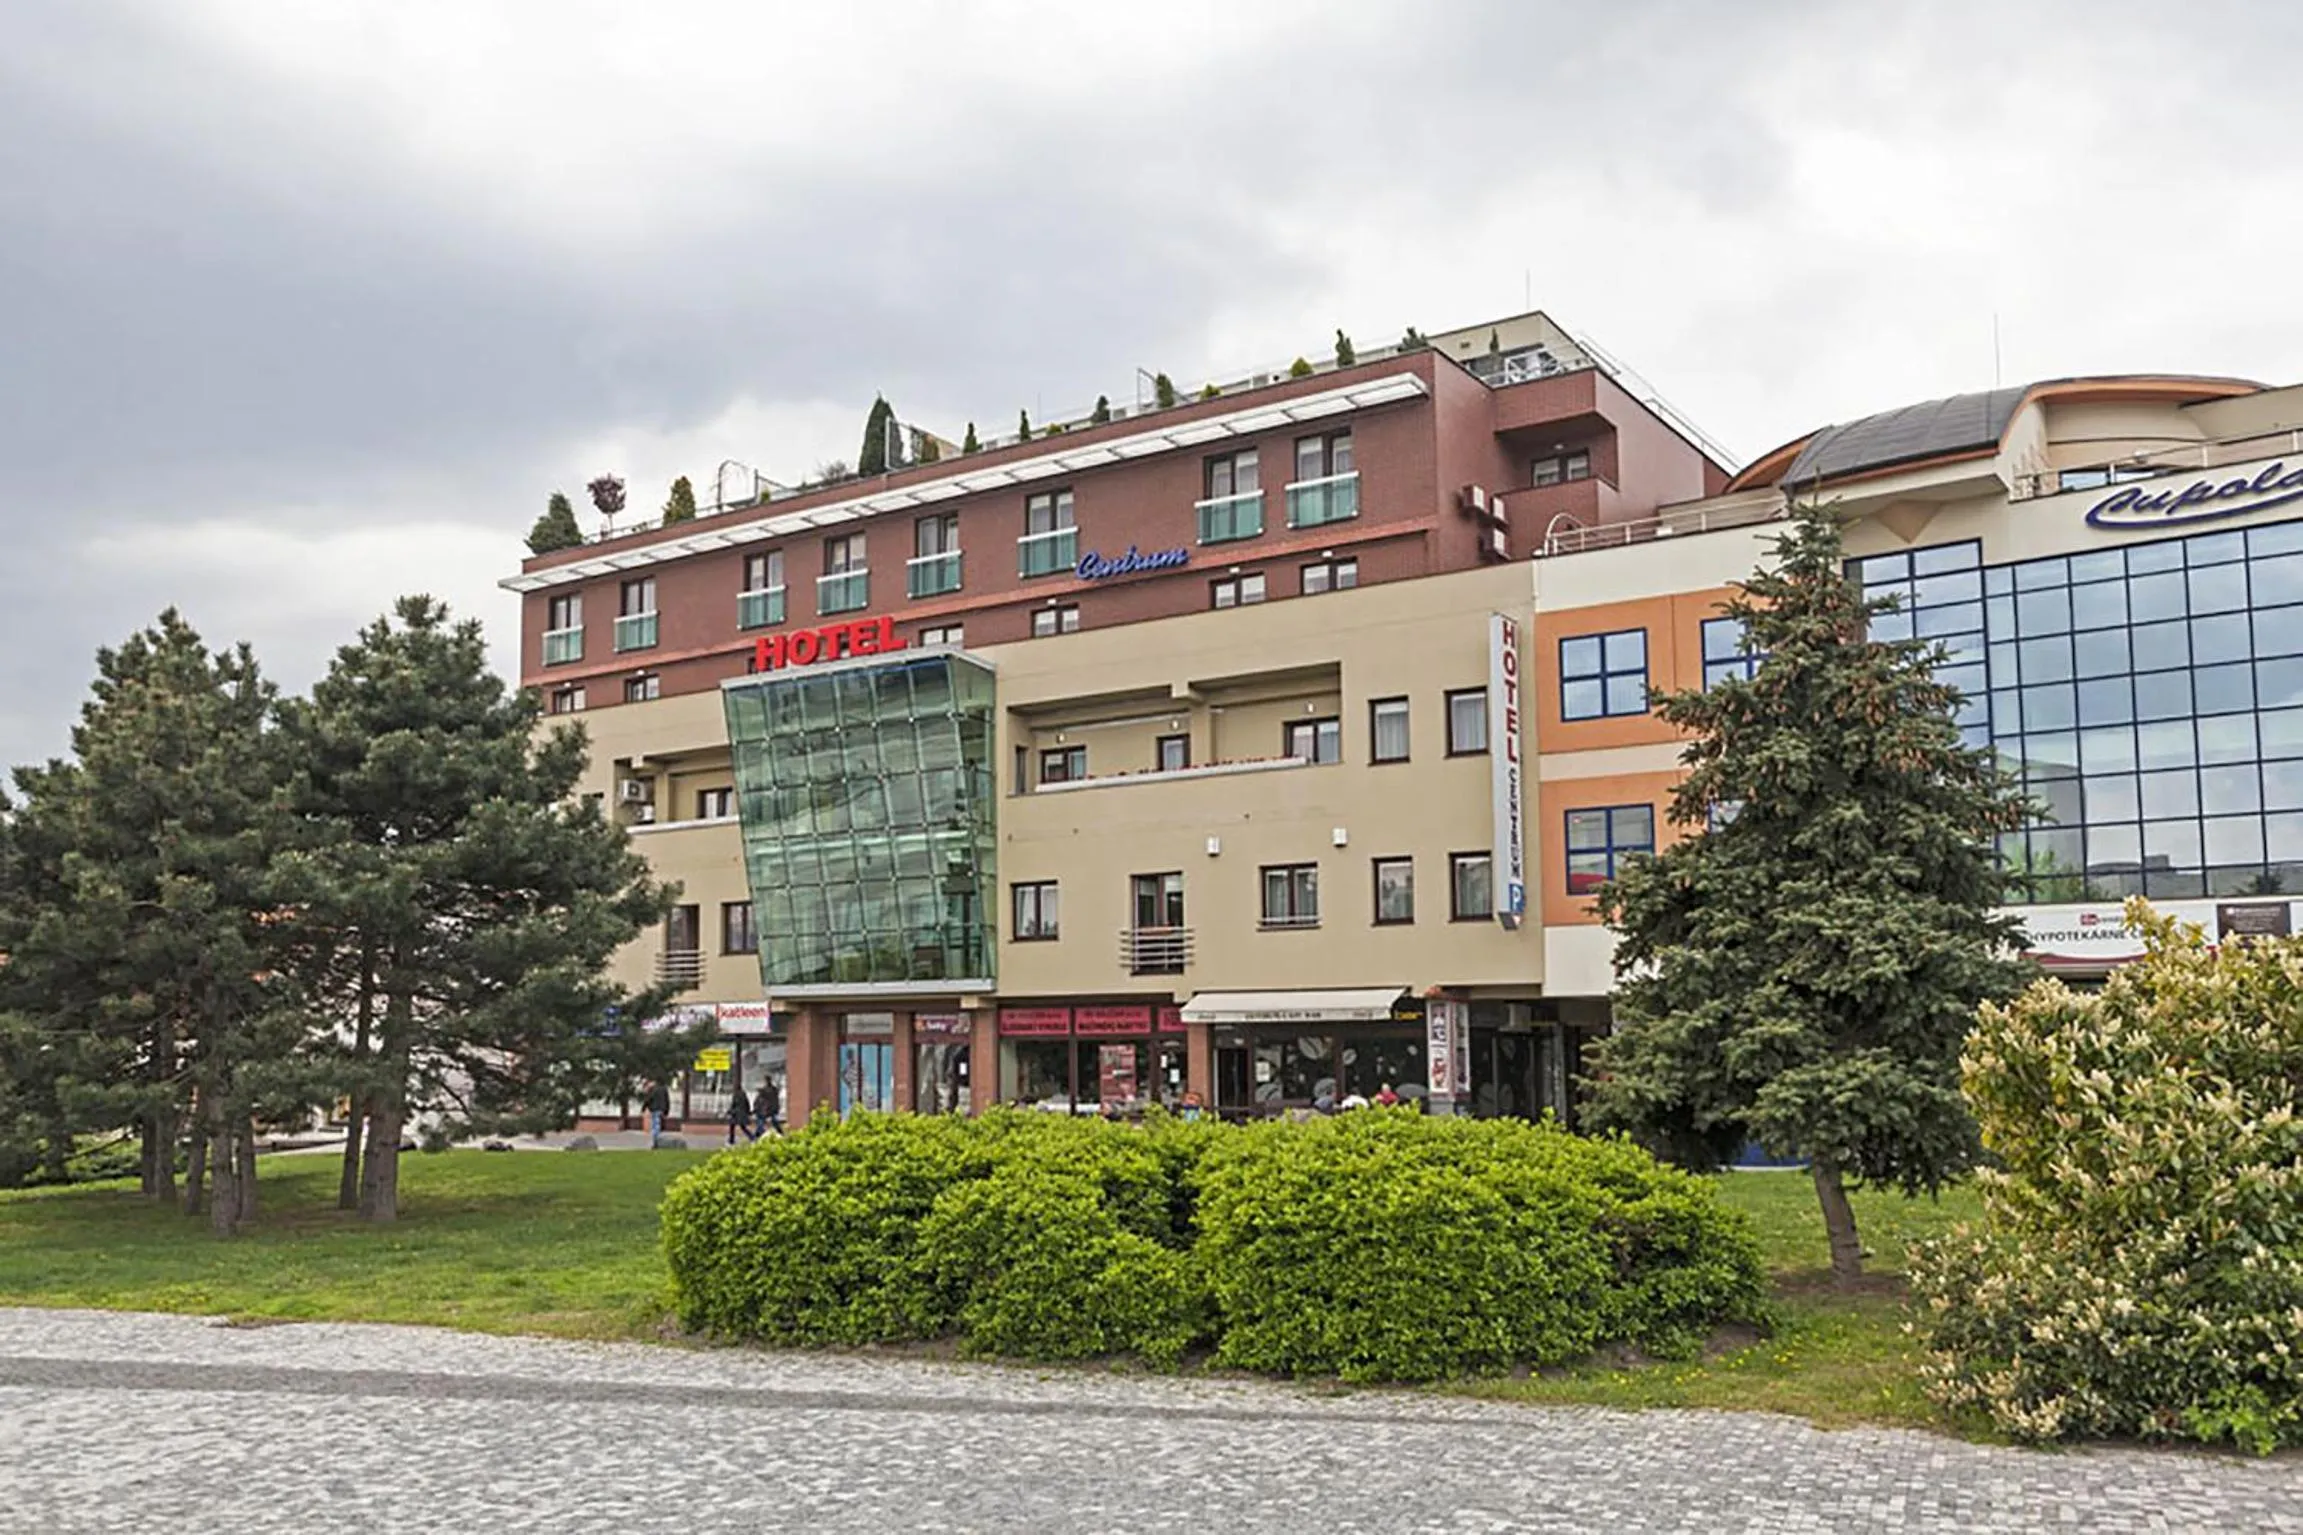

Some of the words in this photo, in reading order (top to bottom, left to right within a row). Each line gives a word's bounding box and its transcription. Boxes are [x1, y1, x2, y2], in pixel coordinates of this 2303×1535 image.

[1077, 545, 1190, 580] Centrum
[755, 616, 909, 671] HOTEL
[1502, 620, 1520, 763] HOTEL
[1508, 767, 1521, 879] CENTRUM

= = =

EXERCISE INSTRUCTIONS:
Omit the pictures and give the material again, exactly and in full.

SOLUTION BELOW:
Some of the words in this photo, in reading order (top to bottom, left to right within a row). Each line gives a word's bounding box and its transcription. Boxes are [x1, y1, x2, y2], in pixel coordinates of this 2303×1535 image.

[1077, 545, 1190, 580] Centrum
[755, 616, 909, 671] HOTEL
[1502, 620, 1520, 763] HOTEL
[1508, 767, 1521, 879] CENTRUM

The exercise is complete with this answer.